At the top of the stone stairwell, light flickered around the edge of the thick metal door. Heavy footsteps and anxious chatter grew as the door flew open, flooding the room with light and chaos.
Two men carried in a man covered in blood. Another man rushed in from behind them and pushed one of the tables out of the way.
“Lay him down here.”
The injured man groaned as they laid him on the floor.
“Hang in there, Lev,” Nam encouraged.
Craig pulled his boot knife out and started cutting away at Lev’s tattered shirt. He pulled the sticky fabric free revealing a vest riddled with bullets. Two rounds had broken through on one side, splaying metal into jagged edges that had made the bullet wounds worse. He unlatched the vest and carefully slid it off the man’s chest, revealing more bruises and damaged skin.

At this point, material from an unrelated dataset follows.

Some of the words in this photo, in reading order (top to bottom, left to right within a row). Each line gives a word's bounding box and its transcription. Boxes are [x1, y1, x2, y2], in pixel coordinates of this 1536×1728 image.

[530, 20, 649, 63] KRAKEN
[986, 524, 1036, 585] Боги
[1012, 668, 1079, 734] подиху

“Get a kit,” Craig ordered, struggling to maintain composure.
Nam looked at all of the containers that Craig had just shoved out of the way, then back at Craig.
“Red box, white cross.”
Craig folded a towel he pulled from the table behind him. He pressed hard against the two holes. Lev arched his back, groaning and grinding his teeth.
“It’s bad isn’t it?” Lev whispered through a bloody mouth.

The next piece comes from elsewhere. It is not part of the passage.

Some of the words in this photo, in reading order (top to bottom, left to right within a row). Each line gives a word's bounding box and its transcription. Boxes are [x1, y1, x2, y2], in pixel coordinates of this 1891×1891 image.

“You’re gonna be fine. Hurry with that kit!”
“Did we get the weapons?” Lev, asked.
Craig wanted to lie to him and say everything went as planned. He wanted to tell him that the pain he was going through was worth the victory and this would change the odds.
“No.”
Lev let that set in, and smiled painfully.
“We tried,” Lev said.
“We did, but you need to shut up now.”
Lev nodded and winced in pain.
Nam found a red box with a faded white cross on it. He dumped its contents on one of the tables and found a large syringe full of white pellets.
“Bite on this.”
Craig twisted a thick strip of cloth and shoved it in Lev’s mouth. Lev bit down and nodded, letting them know he was ready. Craig looked over at Nam, and then at Jesse who braced to hold Lev down.
Nam knelt down, broke the cap off the big syringe, and handed it to Craig. Nam pulled the cloth away from Lev’s side, revealing two shredded holes that for a moment were just holes, but then suddenly began to overflow with blood.

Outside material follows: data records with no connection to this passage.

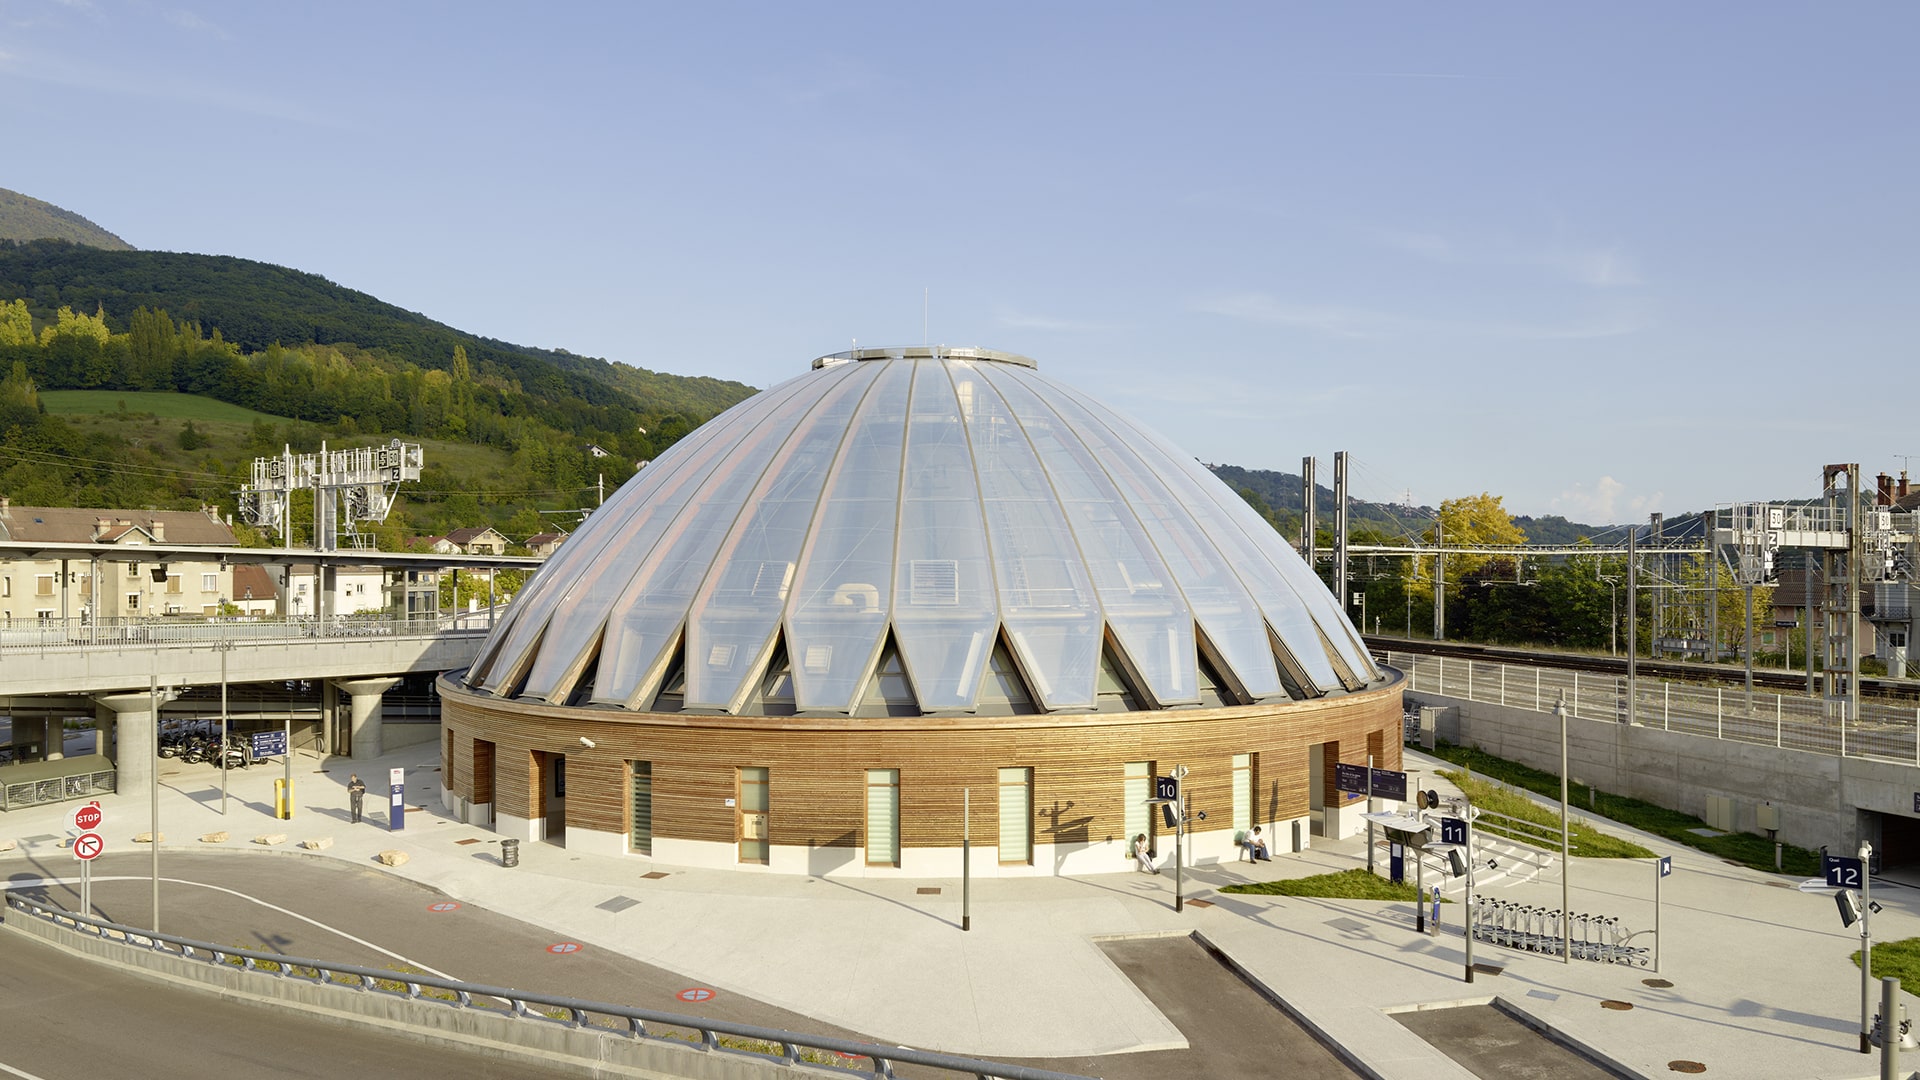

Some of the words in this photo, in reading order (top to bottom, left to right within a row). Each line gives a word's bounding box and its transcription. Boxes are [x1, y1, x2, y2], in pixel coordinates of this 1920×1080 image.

[1769, 534, 1776, 545] Z
[1160, 784, 1175, 797] 10
[77, 813, 100, 824] STOP
[1445, 826, 1462, 842] 11
[1831, 867, 1858, 885] 12

Craig jammed the needle into the first hole and squeezed, causing Lev to cry out. Jesse struggled to hold him down.
“That’s the first one. You’re doing great Lev. One more,” Craig encouraged. “Can’t see the hole,” he said to Nam.
Nam wiped the wounds one more time with the blood soaked towel, then Craig jammed the syringe into the other hole and pushed what was left of the pellets out.
Lev didn’t move this time. He chewed the cloth hard but the local anesthetic in the pellets started to work its magic. Everyone let out their own sighs of relief when they saw that the blood stopped.
“Alright, brother, alright,” Jesse said, as he hugged Lev’s neck.
Nam dropped the towel and patted Lev’s leg as he sat back.
“Grab a couple of fluids and the scope.”
Nam jumped up, went to the back of the room where there were more containers and started searching through the medical supplies for IV bags and the scope.
Jesse winced as he sat down next to Craig and closed his eyes.
“That was a disaster.”
“Yeah,” Craig answered.
“There weren’t supposed to be any Nucrean Elites around.”
“Well there were. We can’t worry about what should have happened or what shouldn’t have. The only thing we need to focus on is finding those rounds and getting them scoped before Lev dies.”
Craig put his hand on Jesse’s shoulder, stood without saying anything else, then went to help Nam look through the containers.
“Got ’em,” Nam said.
Nam rushed over with the two IVs and prepped the first one. Craig activated a monitor that he attached to a small brace made of smooth fabric and light metal. He inserted one of the IVs in a vein and put the brace on Lev’s arm. It compressed automatically. Craig watched closely as the monitor showed Lev’s veins fill with fluid.
Craig opened the scope’s box. The scope was a small wire that he connected to the monitor and a small panel of controls and buttons. He moved the controls, making sure that the scope worked.